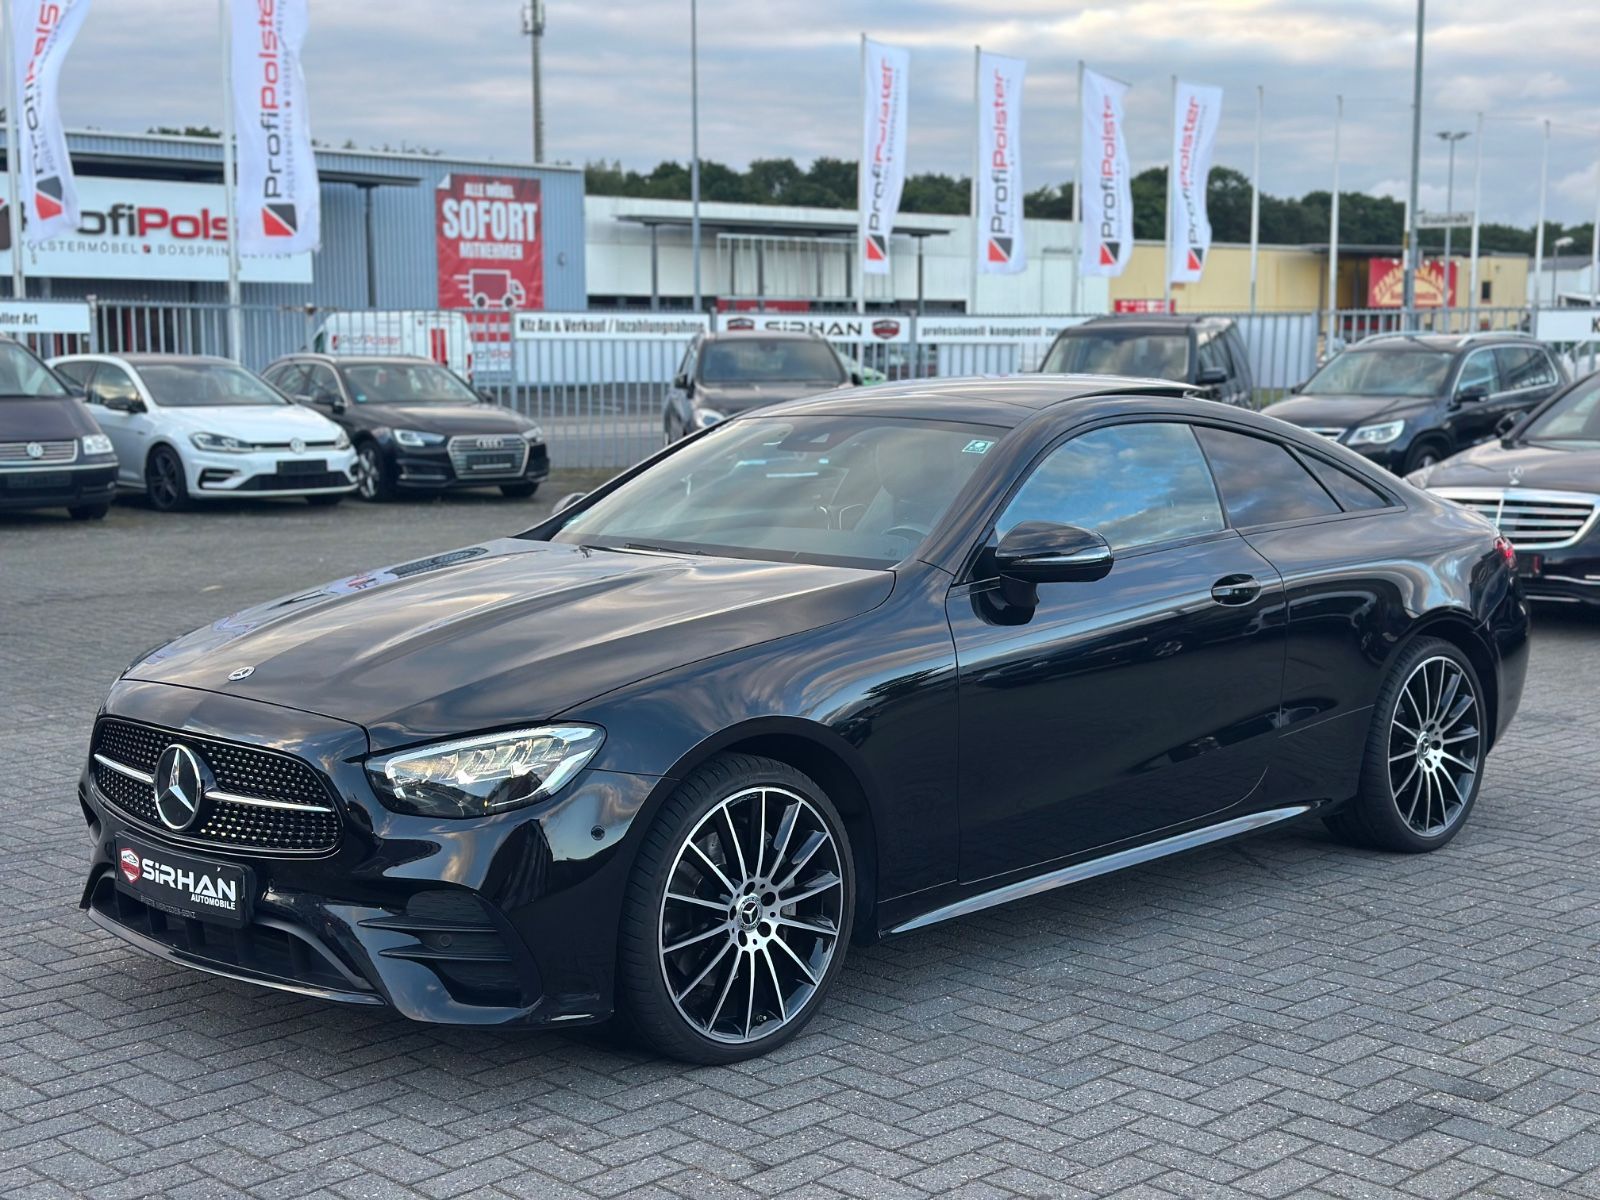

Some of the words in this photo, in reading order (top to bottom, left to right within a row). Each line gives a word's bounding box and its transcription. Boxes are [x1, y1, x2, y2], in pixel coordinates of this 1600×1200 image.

[442, 198, 537, 242] SOFORT
[0, 311, 20, 325] ller
[22, 311, 38, 326] Art
[520, 318, 536, 332] Kfz
[538, 318, 551, 332] An
[554, 321, 562, 332] &
[563, 317, 607, 332] Verkauf
[989, 325, 1042, 337] kompetent
[190, 893, 236, 911] AUTOMOBILE
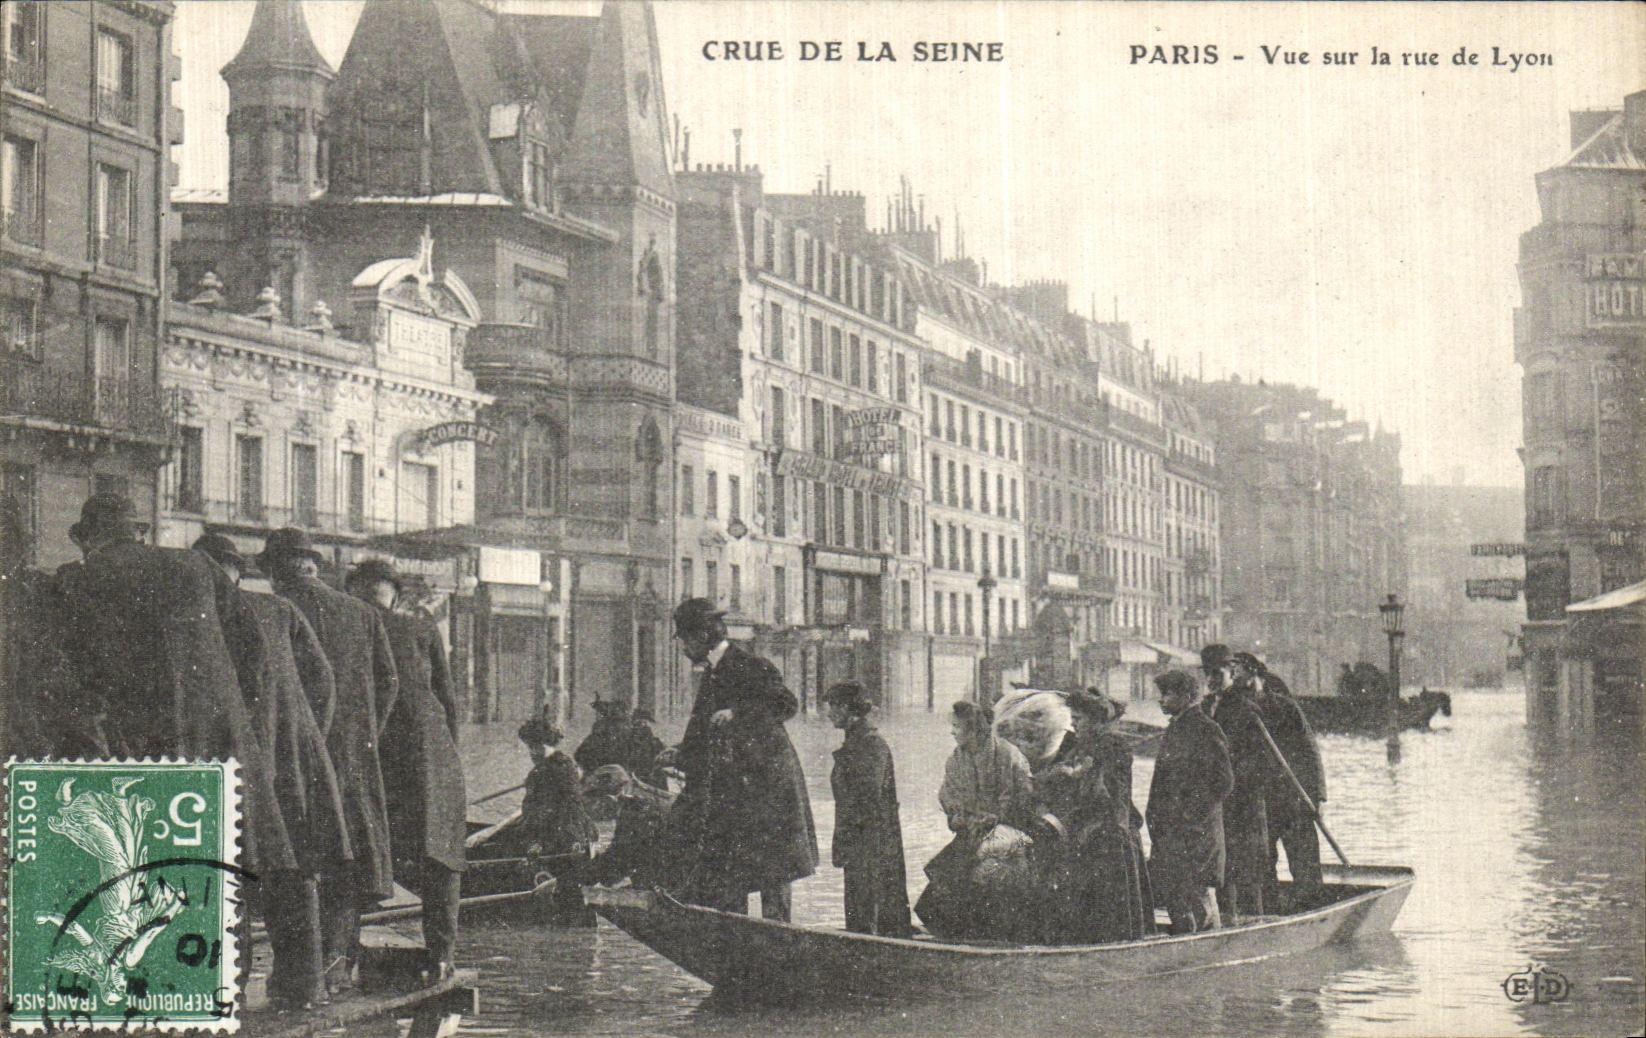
************
* [TASK GOAL] Down to the last line, reproduce the material above exactly; skip its images.

* [YOUR RESPONSE]
Some of the words in this photo, in reading order (top to bottom, left to right within a row). Each line gives a word's bounding box and its transcription. Boxes are [x1, y1, x2, y2], in pixel coordinates of this 1600×1200 image.

[442, 198, 537, 242] SOFORT
[0, 311, 20, 325] ller
[22, 311, 38, 326] Art
[520, 318, 536, 332] Kfz
[538, 318, 551, 332] An
[554, 321, 562, 332] &
[563, 317, 607, 332] Verkauf
[989, 325, 1042, 337] kompetent
[190, 893, 236, 911] AUTOMOBILE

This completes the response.